What to do: Return all of the data below verbatim and exclude every picture.

Dataset: Begin

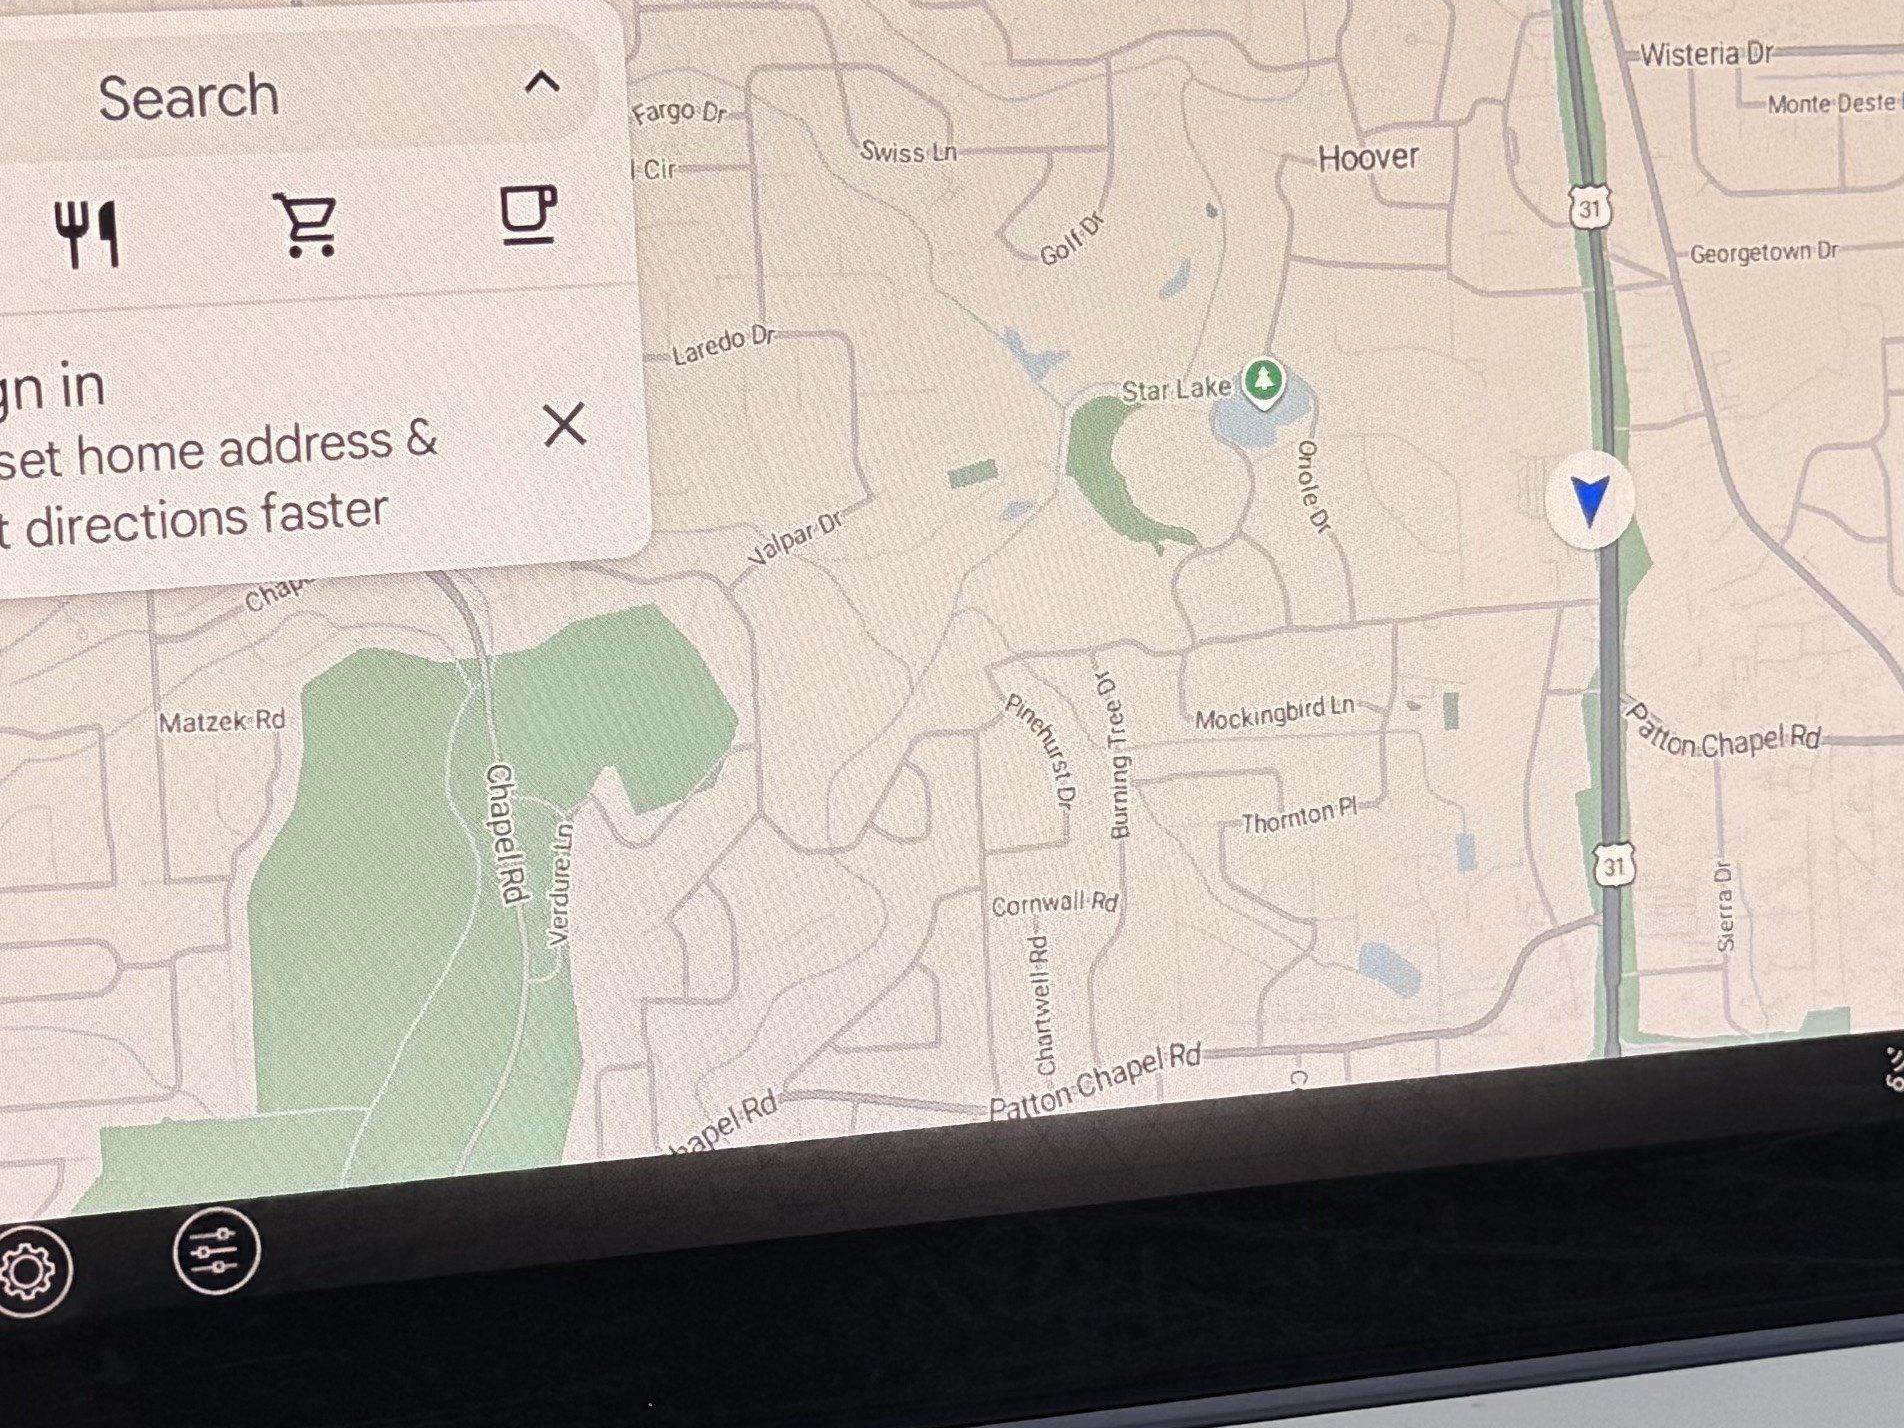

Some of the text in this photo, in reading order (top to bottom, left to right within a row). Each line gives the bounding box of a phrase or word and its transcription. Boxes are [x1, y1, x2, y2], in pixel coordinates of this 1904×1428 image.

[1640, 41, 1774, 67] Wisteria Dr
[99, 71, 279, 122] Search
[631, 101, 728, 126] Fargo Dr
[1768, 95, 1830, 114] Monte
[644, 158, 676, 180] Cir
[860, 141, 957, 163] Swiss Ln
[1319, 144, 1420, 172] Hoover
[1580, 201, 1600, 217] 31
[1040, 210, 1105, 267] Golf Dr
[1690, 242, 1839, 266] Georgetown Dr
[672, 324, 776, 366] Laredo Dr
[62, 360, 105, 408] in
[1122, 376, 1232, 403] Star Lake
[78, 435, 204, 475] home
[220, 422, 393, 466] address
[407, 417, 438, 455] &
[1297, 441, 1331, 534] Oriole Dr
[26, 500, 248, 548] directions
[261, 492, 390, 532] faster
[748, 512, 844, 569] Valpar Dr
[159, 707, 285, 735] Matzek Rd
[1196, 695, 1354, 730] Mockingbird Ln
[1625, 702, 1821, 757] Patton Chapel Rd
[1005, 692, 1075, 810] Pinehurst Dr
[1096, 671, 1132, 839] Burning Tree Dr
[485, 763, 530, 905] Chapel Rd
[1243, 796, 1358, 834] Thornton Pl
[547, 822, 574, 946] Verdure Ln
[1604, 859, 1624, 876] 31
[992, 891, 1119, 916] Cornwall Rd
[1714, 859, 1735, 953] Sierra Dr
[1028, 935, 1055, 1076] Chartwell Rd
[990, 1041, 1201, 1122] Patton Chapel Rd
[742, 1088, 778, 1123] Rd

Dataset: End

Answer to the problem:
Some of the text in this photo, in reading order (top to bottom, left to right within a row). Each line gives the bounding box of a phrase or word and its transcription. Boxes are [x1, y1, x2, y2], in pixel coordinates of this 1904×1428 image.

[1640, 41, 1774, 67] Wisteria Dr
[99, 71, 279, 122] Search
[631, 101, 728, 126] Fargo Dr
[1768, 95, 1830, 114] Monte
[644, 158, 676, 180] Cir
[860, 141, 957, 163] Swiss Ln
[1319, 144, 1420, 172] Hoover
[1580, 201, 1600, 217] 31
[1040, 210, 1105, 267] Golf Dr
[1690, 242, 1839, 266] Georgetown Dr
[672, 324, 776, 366] Laredo Dr
[62, 360, 105, 408] in
[1122, 376, 1232, 403] Star Lake
[78, 435, 204, 475] home
[220, 422, 393, 466] address
[407, 417, 438, 455] &
[1297, 441, 1331, 534] Oriole Dr
[26, 500, 248, 548] directions
[261, 492, 390, 532] faster
[748, 512, 844, 569] Valpar Dr
[159, 707, 285, 735] Matzek Rd
[1196, 695, 1354, 730] Mockingbird Ln
[1625, 702, 1821, 757] Patton Chapel Rd
[1005, 692, 1075, 810] Pinehurst Dr
[1096, 671, 1132, 839] Burning Tree Dr
[485, 763, 530, 905] Chapel Rd
[1243, 796, 1358, 834] Thornton Pl
[547, 822, 574, 946] Verdure Ln
[1604, 859, 1624, 876] 31
[992, 891, 1119, 916] Cornwall Rd
[1714, 859, 1735, 953] Sierra Dr
[1028, 935, 1055, 1076] Chartwell Rd
[990, 1041, 1201, 1122] Patton Chapel Rd
[742, 1088, 778, 1123] Rd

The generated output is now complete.